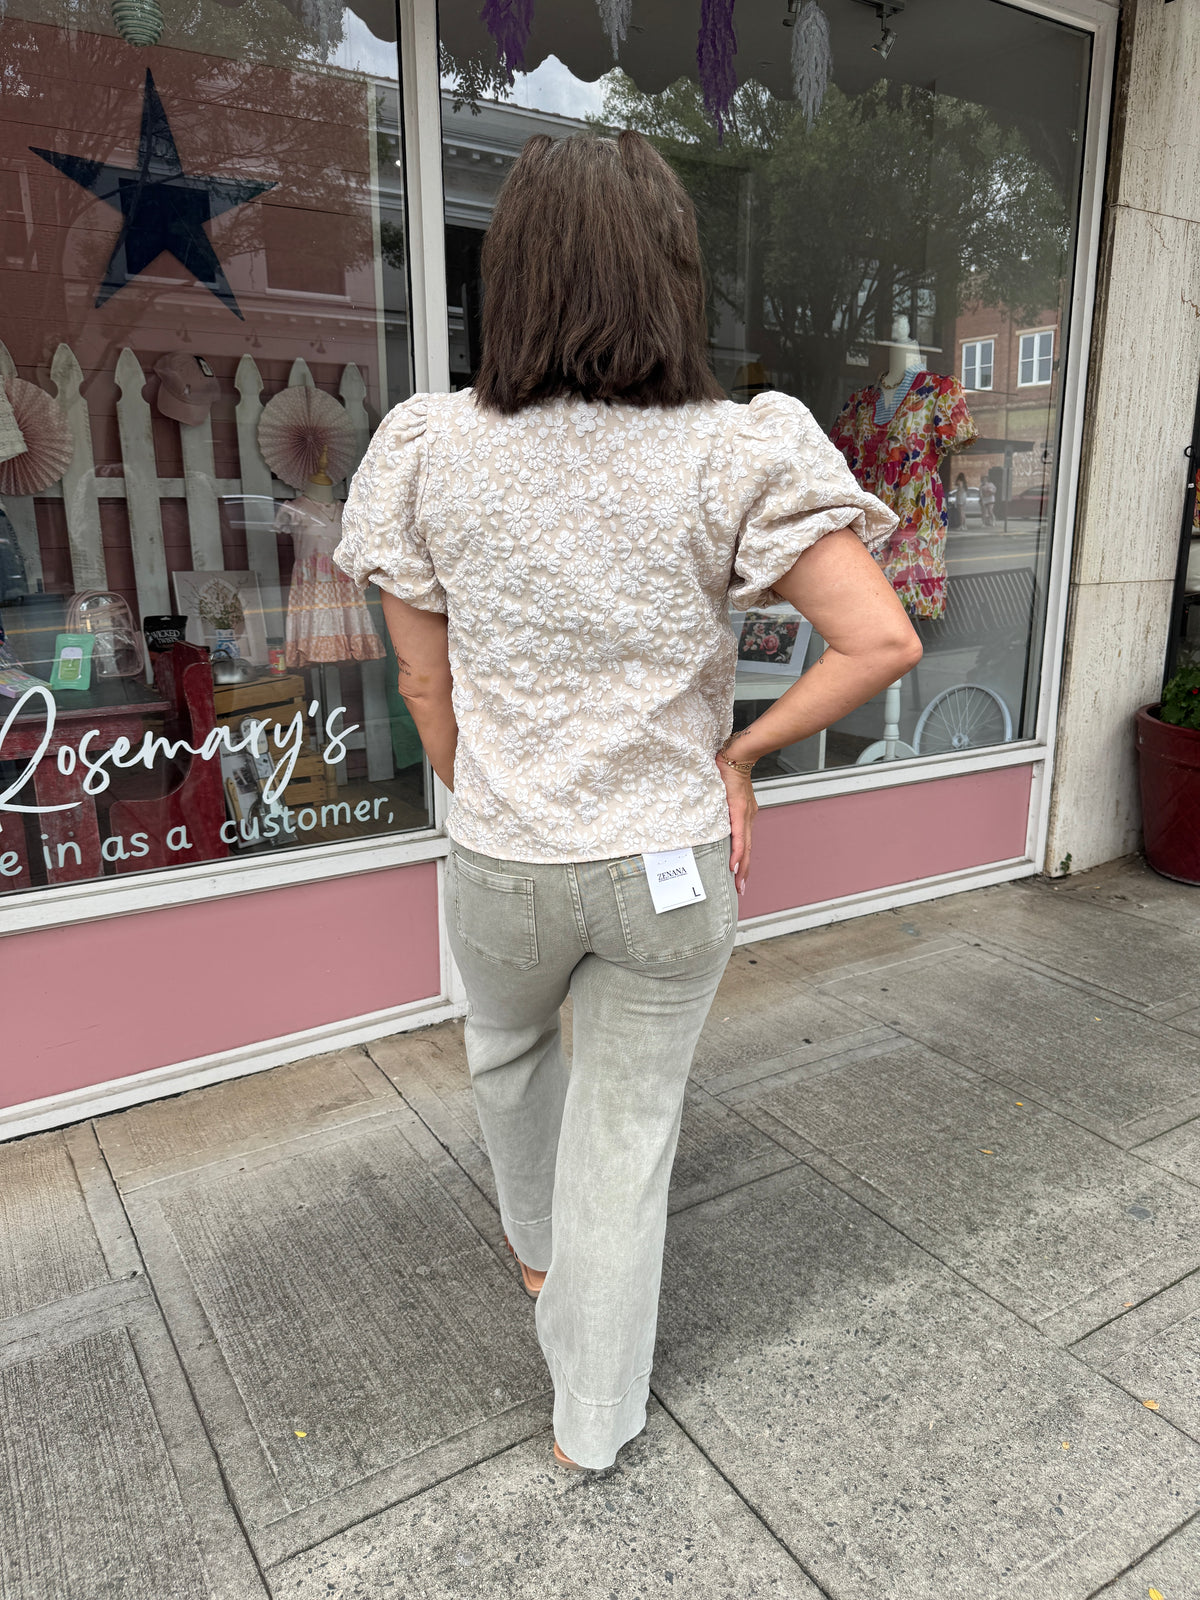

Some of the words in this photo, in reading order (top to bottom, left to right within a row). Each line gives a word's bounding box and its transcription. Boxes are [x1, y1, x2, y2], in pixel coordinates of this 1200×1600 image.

[151, 630, 180, 639] WICKED
[42, 834, 82, 870] in
[101, 832, 150, 862] as
[166, 826, 193, 851] a
[219, 797, 394, 844] customer,
[656, 866, 687, 881] ZENANA
[692, 886, 701, 897] L
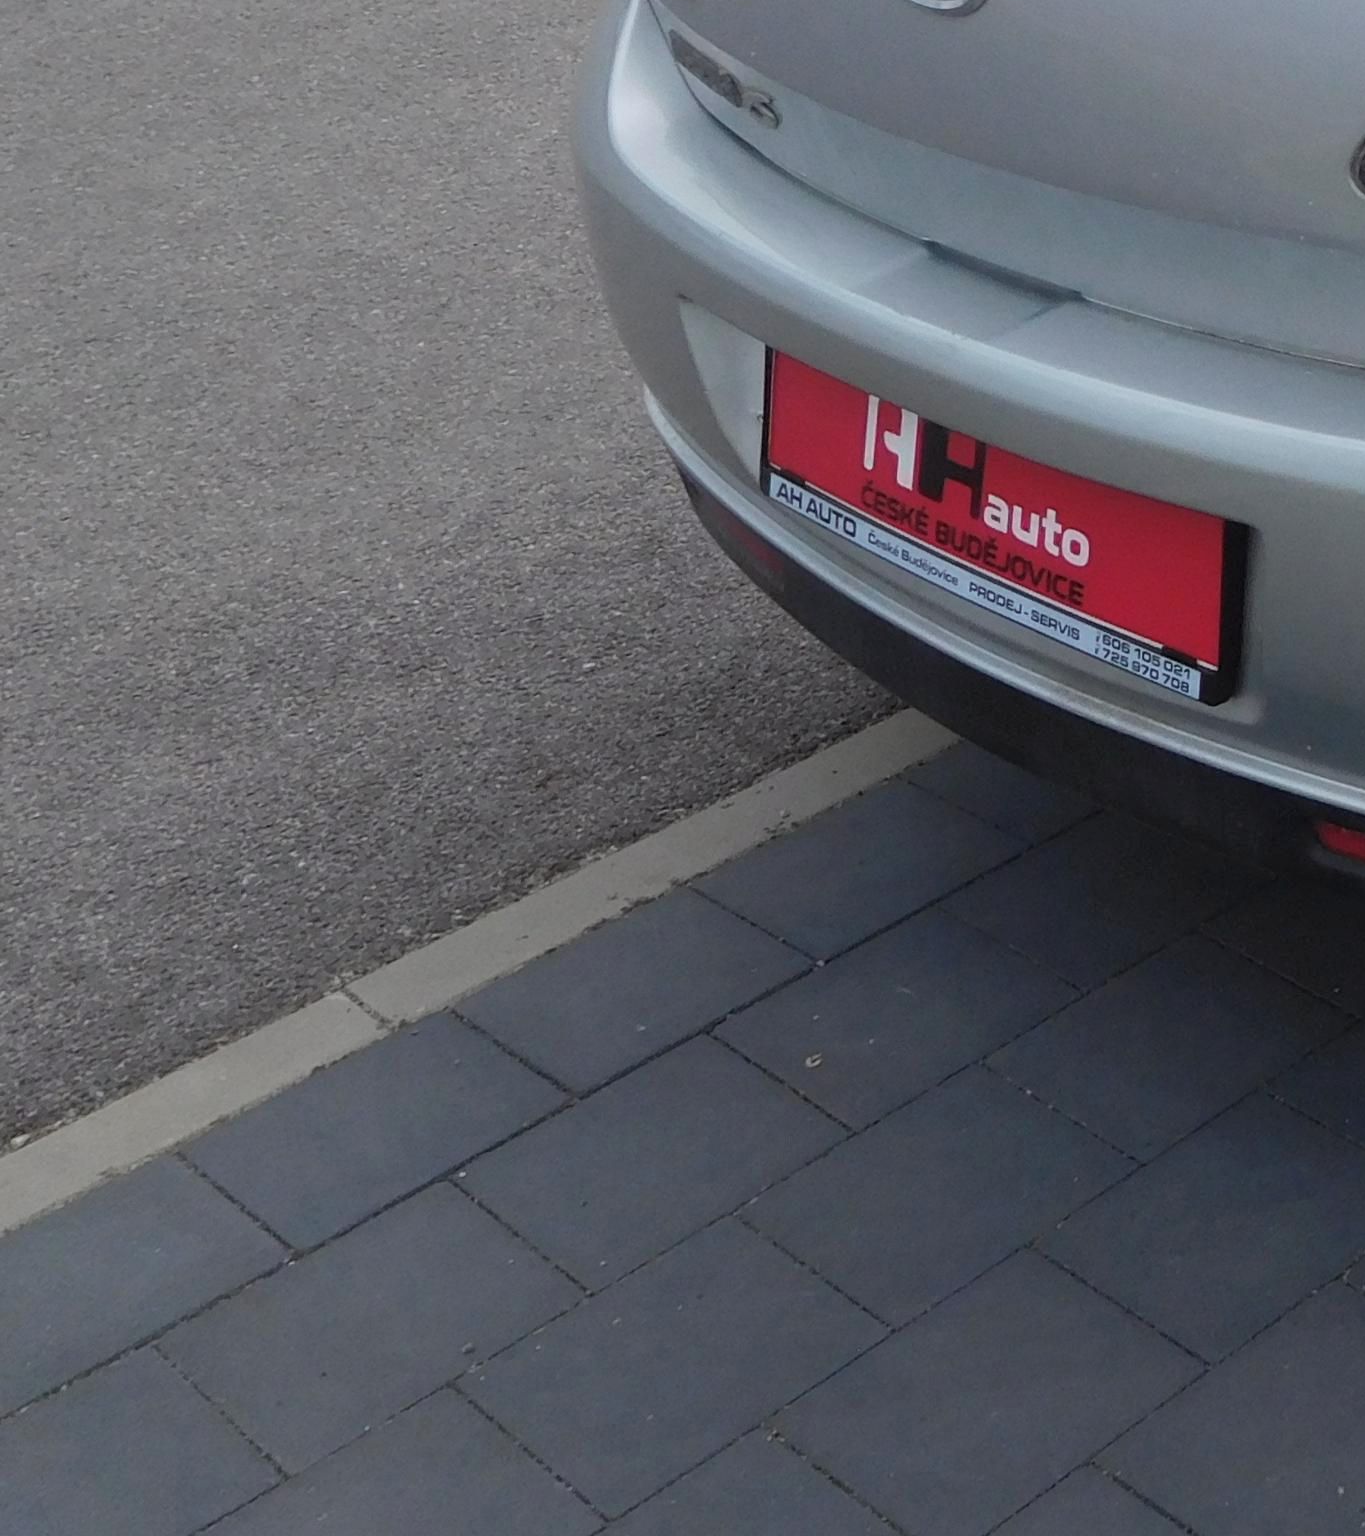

========

THE TASK:
For the material above, give every line again exactly and leave out the pictures.

YOUR SOLUTION:
Some of the words in this photo, in reading order (top to bottom, left to right within a row). Each line gives a word's bounding box and its transcription. Boxes are [x1, y1, x2, y2], in pixel coordinates of this 1200×1600 image.

[151, 630, 180, 639] WICKED
[42, 834, 82, 870] in
[101, 832, 150, 862] as
[166, 826, 193, 851] a
[219, 797, 394, 844] customer,
[656, 866, 687, 881] ZENANA
[692, 886, 701, 897] L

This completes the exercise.